Portimão mayor Isilda Gomes returned essentially empty-handed yesterday from her trip to Lisbon to plead the borough’s case for reopening to prime minister António Costa.
Today, the town’s business people staged a demonstration outside the Town Hall, and by all accounts the mayor was not there to meet them.
Said a comment over the Portimão Sempre Facebook page: “The mayor of Portimão was very happy to be on television last night, but lamentably when shopkeepers and businesspeople took to the streets, she didn’t show her face. Being a mayor is more than going on television. It is being on the ground with your townsfolk, madam mayor”.
To be fair, Ms Gomes does understand the anger and despair of local people who have now seen three days in which not one case of Covid-19 has been found in mass-testing exercises.
She told SIC late night news that “ “People don’t want promises of government support. They want to work”.
Portimão was ‘sent back’ to the first stage of deconfinement over two weeks ago, and since that point all non-essential business has had to be done from the doorstep of establishments. No one is allowed over the thresholds. As Ms Gomes admitted, it has decimated business turnover.
Cafés and restaurants which enjoyed a brief two-week period serving clients on terraces, were forced to shut up shop and stop working for what was a third time since the start of the pandemic.
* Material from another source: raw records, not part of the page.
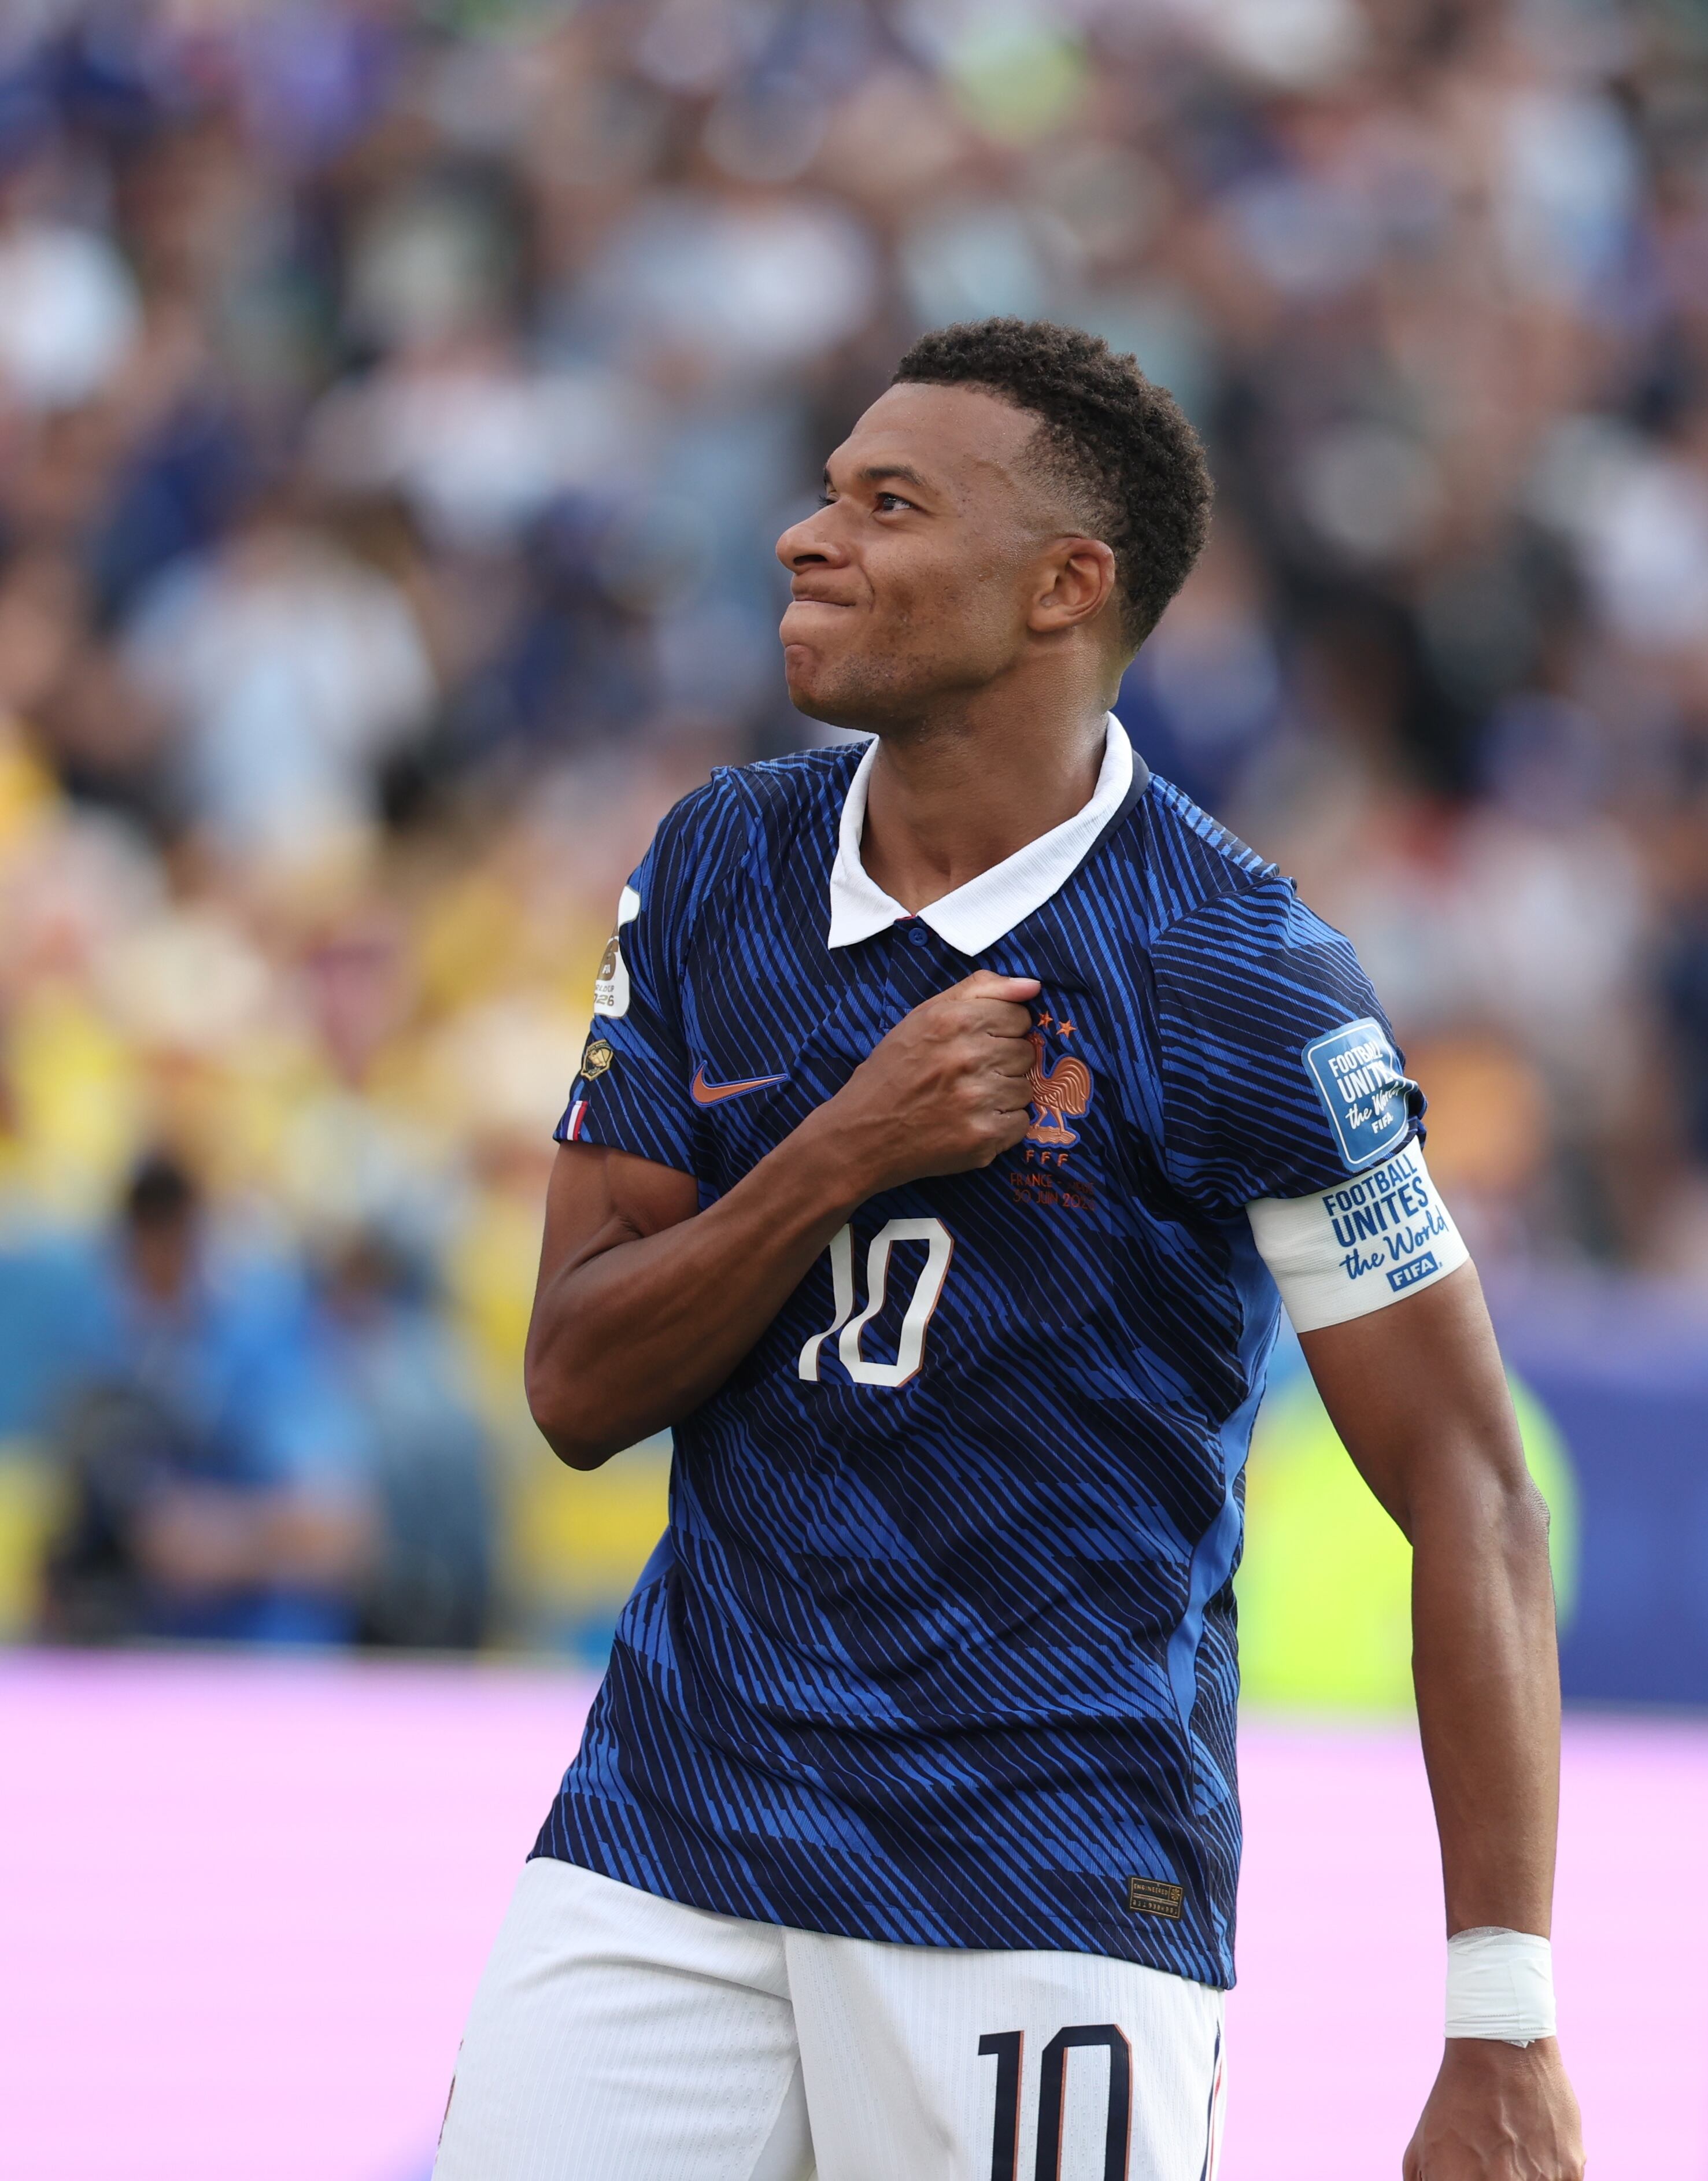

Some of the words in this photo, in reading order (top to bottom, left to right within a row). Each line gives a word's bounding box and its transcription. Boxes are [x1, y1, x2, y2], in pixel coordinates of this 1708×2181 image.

[1328, 1041, 1384, 1078] FOOTBALL
[1336, 1060, 1397, 1104] UNITE
[1345, 1103, 1372, 1130] the
[1371, 1112, 1394, 1134] FIFA
[1010, 1173, 1053, 1188] FRANCE
[1013, 1189, 1032, 1203] 30
[1036, 1190, 1058, 1204] JUIN
[1322, 1154, 1418, 1217] FOOTBALL
[1332, 1176, 1429, 1248] UNITES
[1339, 1248, 1385, 1280] the
[1382, 1204, 1450, 1261] World
[1392, 1258, 1434, 1287] FIFA
[798, 1217, 955, 1388] 10
[978, 2024, 1132, 2181] 10
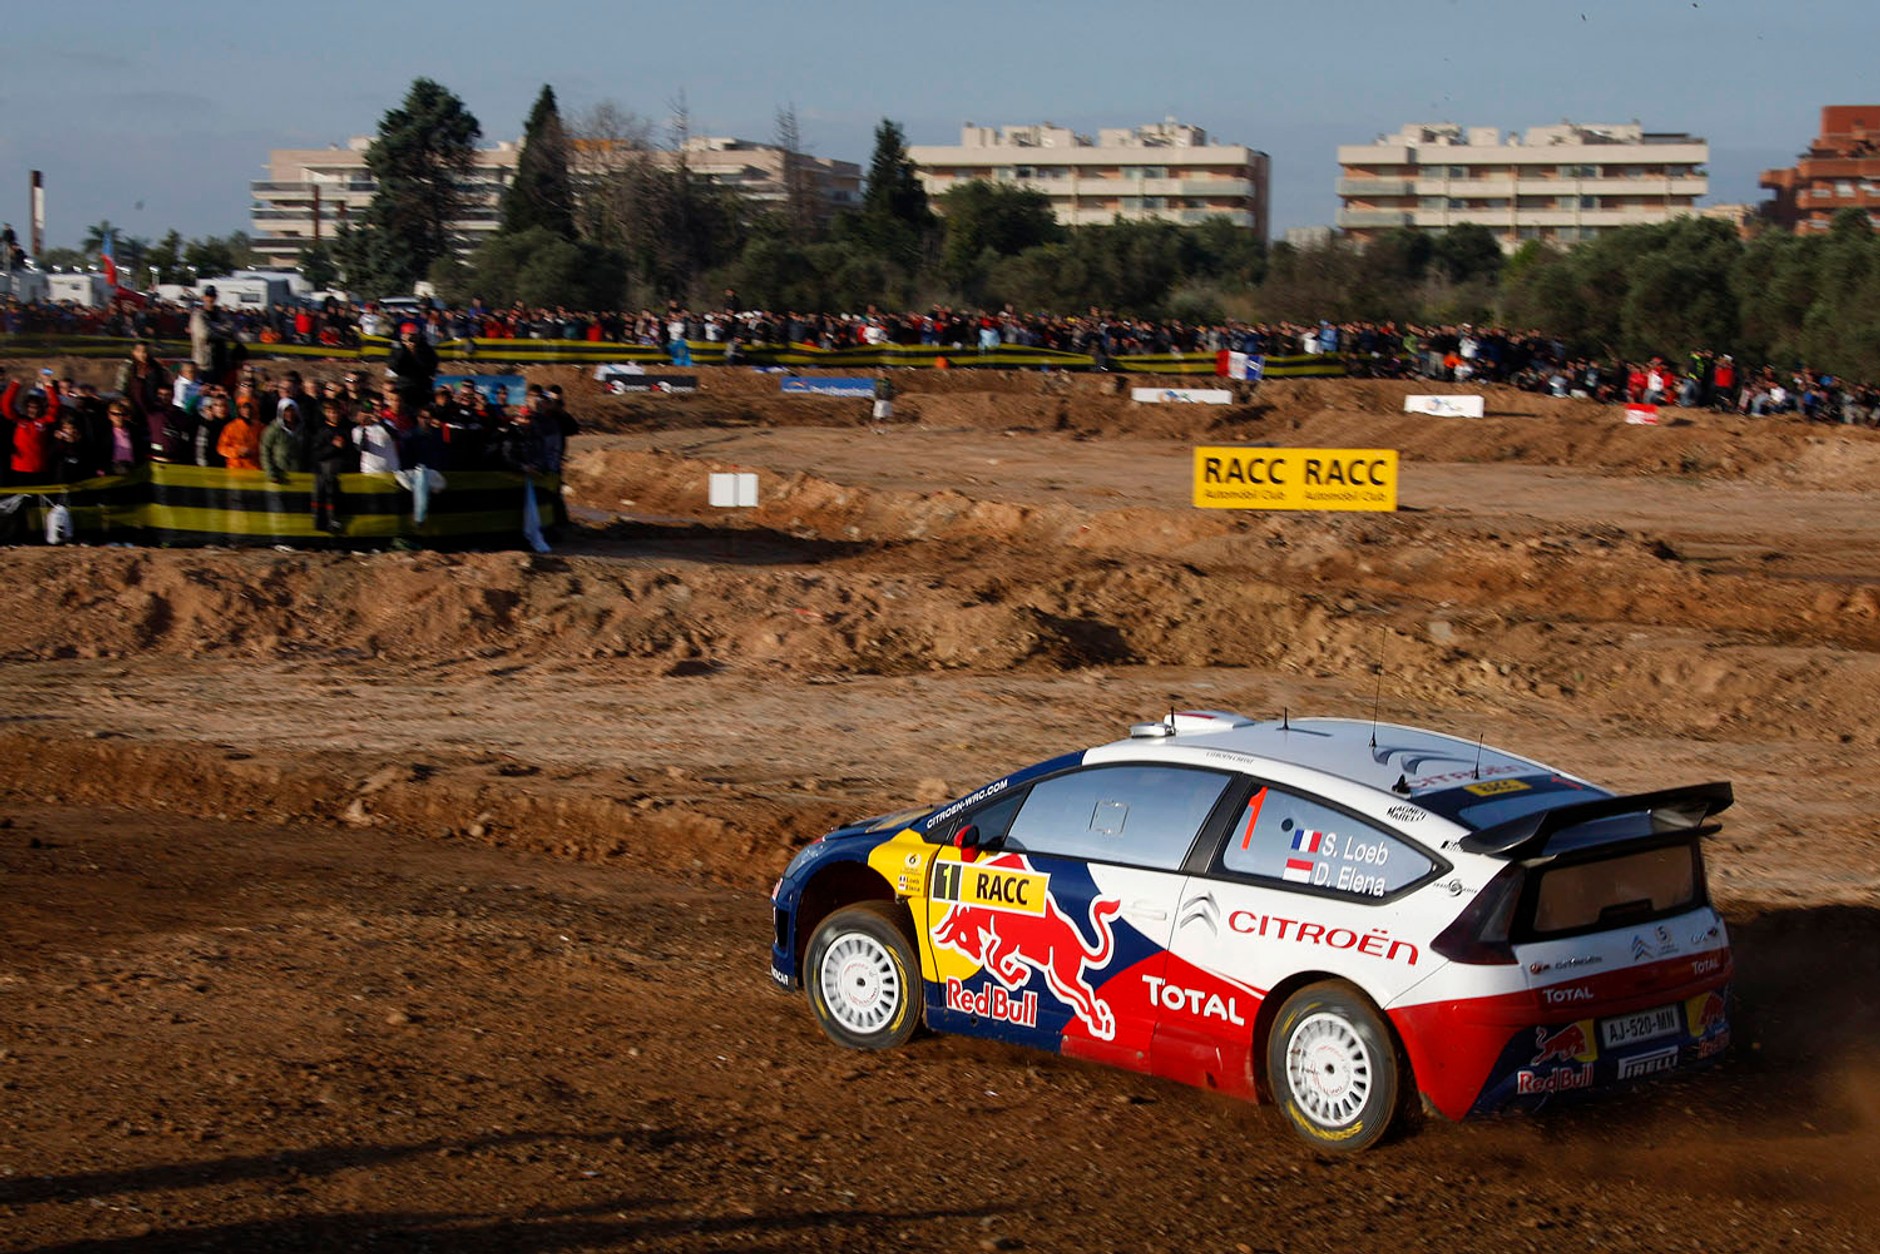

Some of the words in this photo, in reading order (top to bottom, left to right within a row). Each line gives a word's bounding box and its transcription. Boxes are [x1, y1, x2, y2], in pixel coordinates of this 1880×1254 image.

This is now persisting into the third tense week.
Messages held by protesters today included a number that said “another week with no food on the table”.
Portimão is the only municipality ‘left behind’ in the first stage of deconfinement. Almost all boroughs in the country are back to running businesses, even at weekends.
Some however are still restricted, and have also been complaining.
None feel the government’s decisions are justified – particularly considering the minimal number of cases nationally, and the fact that Covid wards up and down the country are under no pressure.
Indeed, the number of patients in hospital with complications from Covid-19 “hasn’t been this low since last summer”, say reports.
It wasn’t long ago that virologist Pedro Simas queried the policy of reconfining municipalities on the basis of new cases, saying 90% of the mortality risks from Covid have already been eliminated in Portugal. New cases now are simply contributing to herd immunity, the piont where the virus becomes endemic (click here).
What is fairly certain is that next Thursday’s ‘evaluation’ of the national Covid situation will see Portimão at last ‘set free’.
Ms Gomes told SIC that the prime minister has assured her that the minute Portimão hits a rolling average of cases below the stipulated red line of 120 per 100,000, it will be able to ‘catch up’ with the rest of the country and go straight from stage one to stage four of deconfinement.
But she said “at this point” after so many weeks of enforced idleness, every day of lost business counts.
Some businesses may never reopen, one of the protestors predicted on air with TVI today.
All those present seemed to affirm that government support – however much it is dressed up by ministers for the media – is “garbage”.